Dosen Pembimbing :
Mata Kuliah :
Keperawatan Anak II
Disusun Oleh :
Kelompok 5
1. Endang Kurniati (21806039)
2. Muhammad Nur Hatan (21806051)
3. Resty Enjelia Ibrahim (21806060)
A. DEFINISI
Leukemia adalah penyakit keganasan sel darah yang berasal dari sum sum tulang
yang di tandai oleh proliferasi sel-sel yang abnormal dalam darah tepi. (Muthia dkk,
2012)
Leukimia adalah suatu keganasan pada alat pembuat sel darah berupa proliferasio
patologis sel hemopoetik muda yang ditandai oleh adanya kegagalan sum-sum tulang
dalam membentuk sel darah normal dan adanya infiltrasi ke jaringan tubuh yang lain.
(Arief Mansjoer, dkk, 2002 : 495).
B. KLASIFIKASI
a. Leukemia Mielogenus Akut (LMA)
LMA mengenai sel sistem hematopoetik yang kelak berdiferensiasi ke semua sel
mieloid; monosit, granulosit (basofil, netrofil, eosinofil), eritrosit, dan trombosit.
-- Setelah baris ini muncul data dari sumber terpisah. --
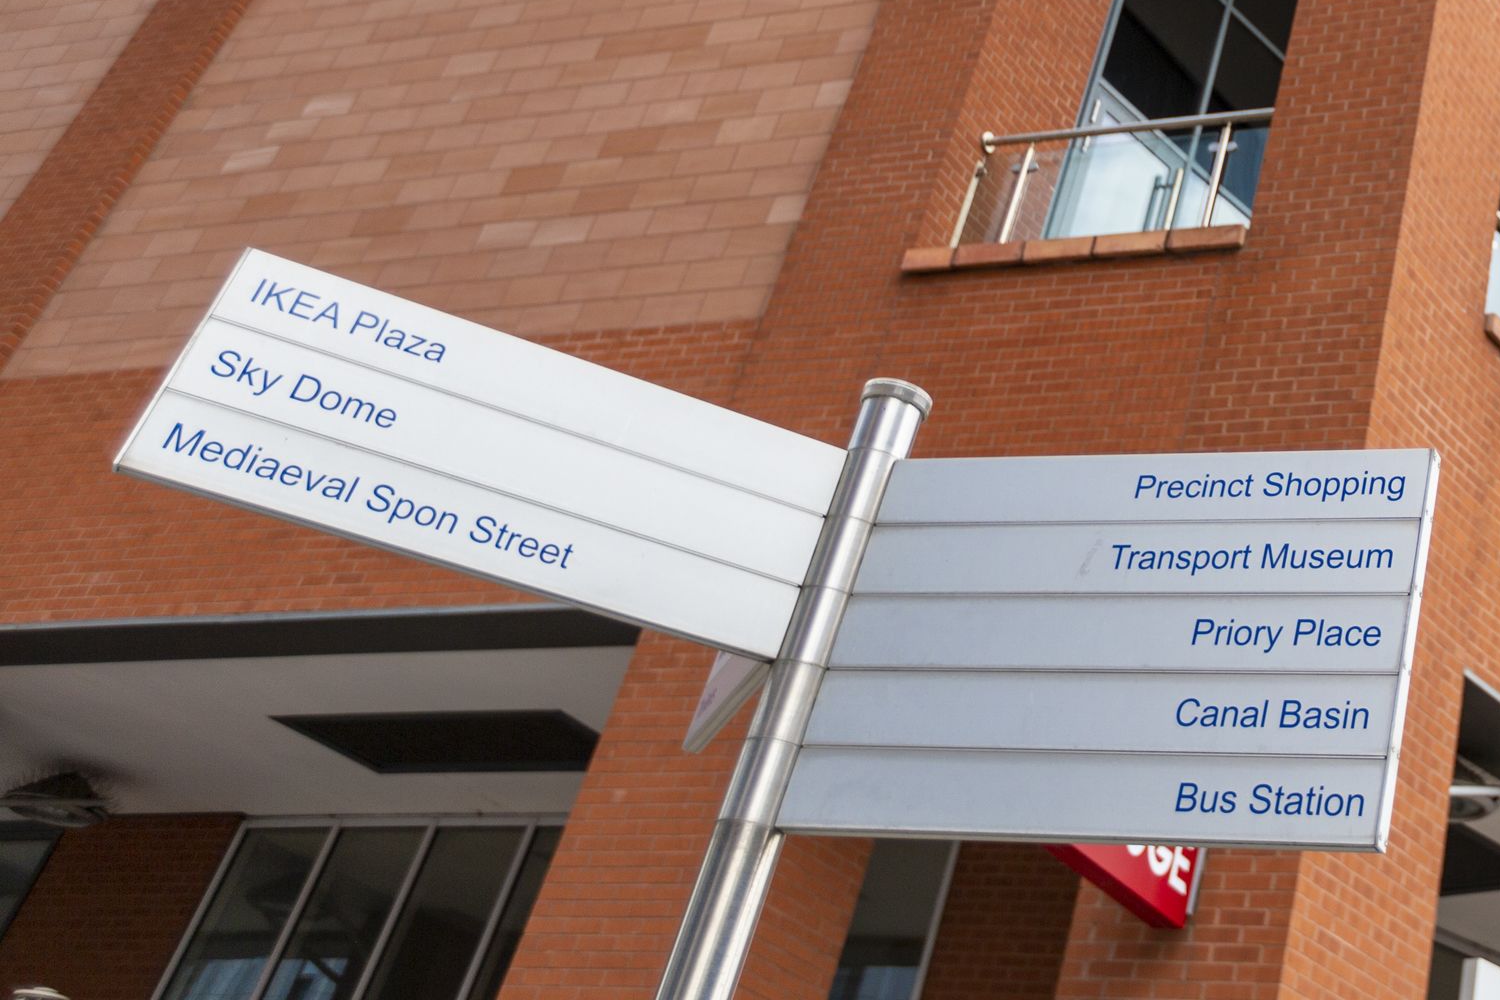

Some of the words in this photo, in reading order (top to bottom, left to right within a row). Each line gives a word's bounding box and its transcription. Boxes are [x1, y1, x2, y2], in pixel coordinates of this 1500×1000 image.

[250, 279, 340, 329] IKEA
[349, 311, 446, 362] Plaza
[209, 349, 284, 397] Sky
[288, 374, 398, 429] Dome
[161, 422, 361, 503] Mediaeval
[365, 483, 460, 536] Spon
[467, 515, 574, 569] Street
[1135, 472, 1254, 499] Precinct
[1263, 471, 1406, 503] Shopping
[1111, 542, 1253, 576] Transport
[1260, 542, 1393, 568] Museum
[1190, 617, 1285, 653] Priory
[1292, 617, 1382, 647] Place
[1174, 697, 1270, 728] Canal
[1279, 698, 1370, 730] Basin
[1174, 780, 1237, 815] Bus
[1248, 782, 1365, 817] Station
Semua kelompok usia dapat terkena. Insidensi meningkat sesuai dengan
bertambahnya usia. Merupakan leukemia nonlimfositik yang paling sering terjadi.
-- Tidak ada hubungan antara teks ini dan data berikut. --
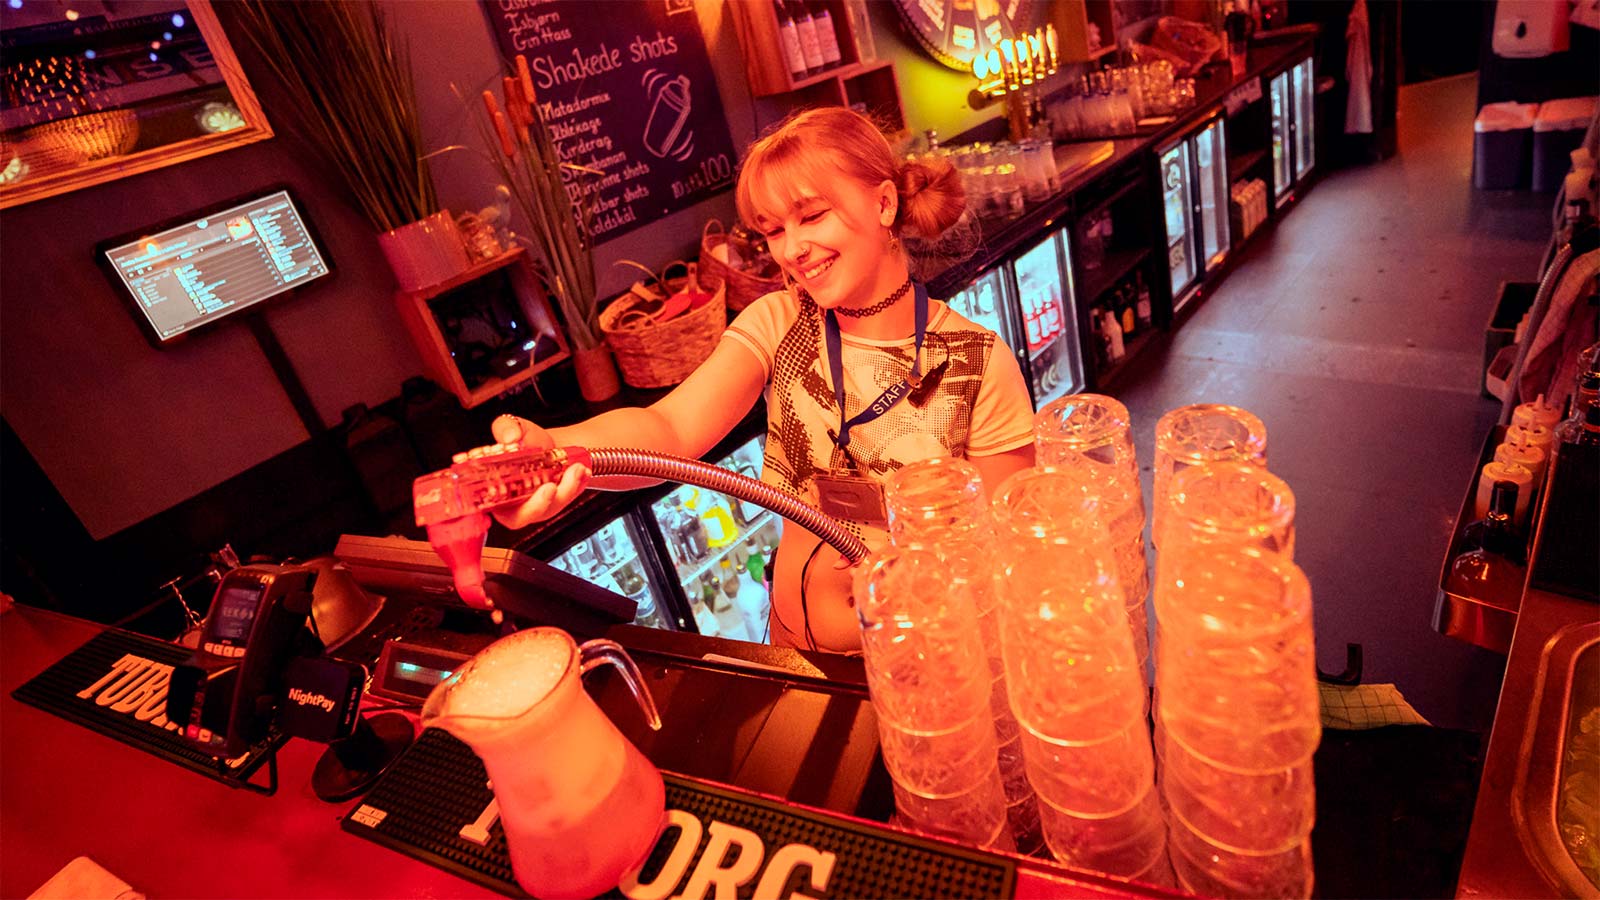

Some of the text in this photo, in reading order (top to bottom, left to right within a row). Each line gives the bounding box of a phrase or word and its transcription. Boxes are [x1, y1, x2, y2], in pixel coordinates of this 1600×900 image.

[513, 31, 541, 51] Gin
[532, 31, 678, 89] Shakede shots
[623, 161, 650, 180] shots
[623, 184, 650, 203] shots
[76, 653, 184, 737] TUBO
[288, 687, 336, 713] NightPay
b. Leukemia Mielogenus Kronis (LMK)
LMK juga dimasukkan dalam sistem keganasan sel sistem mieloid. Namun lebih
banyak sel normal dibanding bentuk akut, sehingga penyakit ini lebih ringan. LMK
jarang menyerang individu dibawah 20 tahun. Manifestasi mirip dengan gambaran
LMA tetapi dengan tanda dan gejala yang lebih ringan. Pasien menunjukkan tanpa
gejala selama bertahun-tahun, peningkatan leukosit kadang sampai jumlah yang luar
biasa, limpa membesar.
c. Leukemia Limfositik Kronis (LLK)
LLK merupakan kelainan ringan mengenai individu usia 50 – 70 tahun. Manifestasi
klinis pasien tidak menunjukkan gejala. Penyakit baru terdiagnosa saat pemeriksaan
fisik atau penanganan penyakit.
d. Leukemia Limfositik Akut (LLA)
LLA dianggap sebagai proliferasi ganas limfoblast. Sering terjadi pada anak-anak,
laki-laki lebih banyak dibandingkan perempuan. Puncak insiden usia 4 tahun, setelah
usia 15 tahun. LLA jarang terjadi. Limfosit immatur berproliferasi dalam sumsum
tulang dan jaringan perifer sehingga mengganggu perkembangan sel normal.
C. ETIOLOGI
a. Umur, jenis kelamin, ras
Insiden leukemia secara keseluruhan bervariasi menurut umur. LLA
merupakan leukemia paling sering ditemukan pada anak-anak, dengan puncak
insiden antara usia 2-4 tahun, LMA terdapat pada umur 15-39 tahun, sedangkan
LMK banyak ditemukan antara umur 30-50 tahun. LLK merupakan kelainan pada
orang tua (umur rata-rata 60 tahun). Insiden leukemia lebih tinggi pada pria
dibandingkan pada wanita. Tingkat insiden yang lebih tinggi terlihat di antara
Kaukasia (kulit putih) dibandingkan dengan kelompok kulit hitam.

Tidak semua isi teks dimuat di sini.